I begin to understand the nuance of the strange words with chilly horror. "I have been remade by a thing," I say in a hoarse, croaking voice that sounds nothing like I remember. "I _am_ a thing." And I remember the tales told to me by a refugee from the Belarus border, that little old Polish Jew and his florid tales of the _golem_. I began to shake. I think I might have fled, but my body was my enemy. I could not trust it. Instead, I made a soft, dry noise of fear.

_/:This... could have gone better.:/ _The low voice took a wry tone. _/:Understand, friend. You are you, like none other. To make you something other than yourself would be to undo everything we are trying to accomplish.:/_

I cried out at the little construct, still afraid. "Then what is all this?"
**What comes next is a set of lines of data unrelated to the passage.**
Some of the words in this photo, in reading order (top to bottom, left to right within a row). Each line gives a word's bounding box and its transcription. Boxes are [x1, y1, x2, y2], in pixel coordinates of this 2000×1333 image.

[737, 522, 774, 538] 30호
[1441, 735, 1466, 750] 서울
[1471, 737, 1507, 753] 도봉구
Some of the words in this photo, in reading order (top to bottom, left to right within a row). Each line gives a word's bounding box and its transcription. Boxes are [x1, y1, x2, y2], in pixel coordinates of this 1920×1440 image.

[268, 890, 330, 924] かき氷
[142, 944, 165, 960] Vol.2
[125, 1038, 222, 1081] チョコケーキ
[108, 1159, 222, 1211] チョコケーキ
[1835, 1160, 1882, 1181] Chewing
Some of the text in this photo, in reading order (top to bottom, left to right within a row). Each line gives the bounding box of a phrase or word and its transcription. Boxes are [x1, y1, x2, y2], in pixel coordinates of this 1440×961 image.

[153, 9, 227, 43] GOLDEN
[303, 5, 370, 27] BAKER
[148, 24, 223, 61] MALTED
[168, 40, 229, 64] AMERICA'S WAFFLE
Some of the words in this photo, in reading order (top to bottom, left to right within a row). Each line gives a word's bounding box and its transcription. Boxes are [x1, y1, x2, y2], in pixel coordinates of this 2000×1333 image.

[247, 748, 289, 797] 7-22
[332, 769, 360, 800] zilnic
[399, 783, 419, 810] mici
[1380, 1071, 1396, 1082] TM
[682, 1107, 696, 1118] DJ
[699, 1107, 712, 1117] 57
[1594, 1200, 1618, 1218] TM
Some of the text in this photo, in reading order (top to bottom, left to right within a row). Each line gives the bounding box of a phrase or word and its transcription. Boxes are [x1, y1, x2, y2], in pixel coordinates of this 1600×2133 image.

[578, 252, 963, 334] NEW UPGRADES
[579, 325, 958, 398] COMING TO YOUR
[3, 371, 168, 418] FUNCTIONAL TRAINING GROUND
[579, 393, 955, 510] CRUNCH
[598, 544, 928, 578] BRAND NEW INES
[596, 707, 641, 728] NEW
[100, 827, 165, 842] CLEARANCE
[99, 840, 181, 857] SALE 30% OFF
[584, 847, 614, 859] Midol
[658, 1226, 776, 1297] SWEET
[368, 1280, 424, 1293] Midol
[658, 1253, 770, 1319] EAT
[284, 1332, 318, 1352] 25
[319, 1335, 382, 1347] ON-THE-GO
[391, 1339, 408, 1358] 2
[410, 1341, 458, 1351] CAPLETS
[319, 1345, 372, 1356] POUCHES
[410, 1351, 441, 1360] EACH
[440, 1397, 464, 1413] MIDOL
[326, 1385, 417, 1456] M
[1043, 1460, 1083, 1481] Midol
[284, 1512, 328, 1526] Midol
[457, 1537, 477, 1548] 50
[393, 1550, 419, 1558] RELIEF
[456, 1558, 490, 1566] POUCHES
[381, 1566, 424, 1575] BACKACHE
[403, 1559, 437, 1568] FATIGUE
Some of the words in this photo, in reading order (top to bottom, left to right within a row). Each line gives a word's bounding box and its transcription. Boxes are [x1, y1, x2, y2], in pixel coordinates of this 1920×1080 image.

_/:You are awakened at the edge of your world's fate to fight once more, but not alone and not without hope. When you leave this room, you will find yourself in a new time and place and much will be strange to you at first. You and many others. We will give you what you need to find your place, and the companions you come to find will help you find your road.:/_

"I understand none of this. What are you?"

_/:I am your Ghost. I am your friend and yours alone, and I have needed you, searched for you through countless galaxies for this moment. I will help you to seek your destiny, as your world needs you to seek it. As the Traveler needs you.:/_

The little construct glowed with a blue light that filled the room, not unlike those of the flowers in the dead field I remembered so well. It made the strange machines that surrounded my bier almost pretty. _/:Come. Let us prepare you for what is next. The flowers you remember are gone, but they can come again. If we try.:/_

_. . ._

I wear the livery of the Warlocks, and strange magic courses my new veins. Though I learn quickly of our new codes of behavior and talk little of the before, they give me a nickname based on the hints of my very existence – _frontovichka._ It will suit; it was the truth. From their masked lips it holds no taint of the bitter insult that the word held among my old 'comrades.' And I see none of _them _here, in the shattered ruins of Old Russia, do I? They do not have the honor nor the guidance of our little friends. So I will take the name back, as I will take back our _Rodina-Mat _in time _. _Until that day, I am mother here now. Her warrior at the front of the line.

I do not grieve to see her in ruins. Sorrow is not the warrior's way.

Now vengeance... vengeance has a good taste to it. They have given me fine weapons and fire and my eyes, keen before, keen as hawksight now, pick out my enemies among tundra quite well. I often bring home new prizes. New machines. New ways to kill what comes for us in the dark.

There are always things in the dark. I've learned not to fear them, for we have been given power over them.

. . .

The Hive flows towards me, ceaseless, shrieking, mindless, their gnarling hands reaching to pry at my well-scarred armor shell. Scars I have earned over a dozen campaigns already, well-prized. My Ghost twitters a dozen alarms at me but I heed none of them. I don't need to. The fire inside me grows and is nearly ready to consume its prey. With a swift jump to the air I let my inferno free and two dozen of the little horrors shriek as they become ash. It will not be enough. More lunge to fill the breach left by their companions and I spy their two commanders in the gloom well beyond, hidden by the coiling sheet metal. The beached ruins of the old tanker creak with the rapid pressure changes that my fire brings. I must be a little more careful. Only a little. Should I cause a blow-out, it would be tactical to leave it by those two monstrous fools.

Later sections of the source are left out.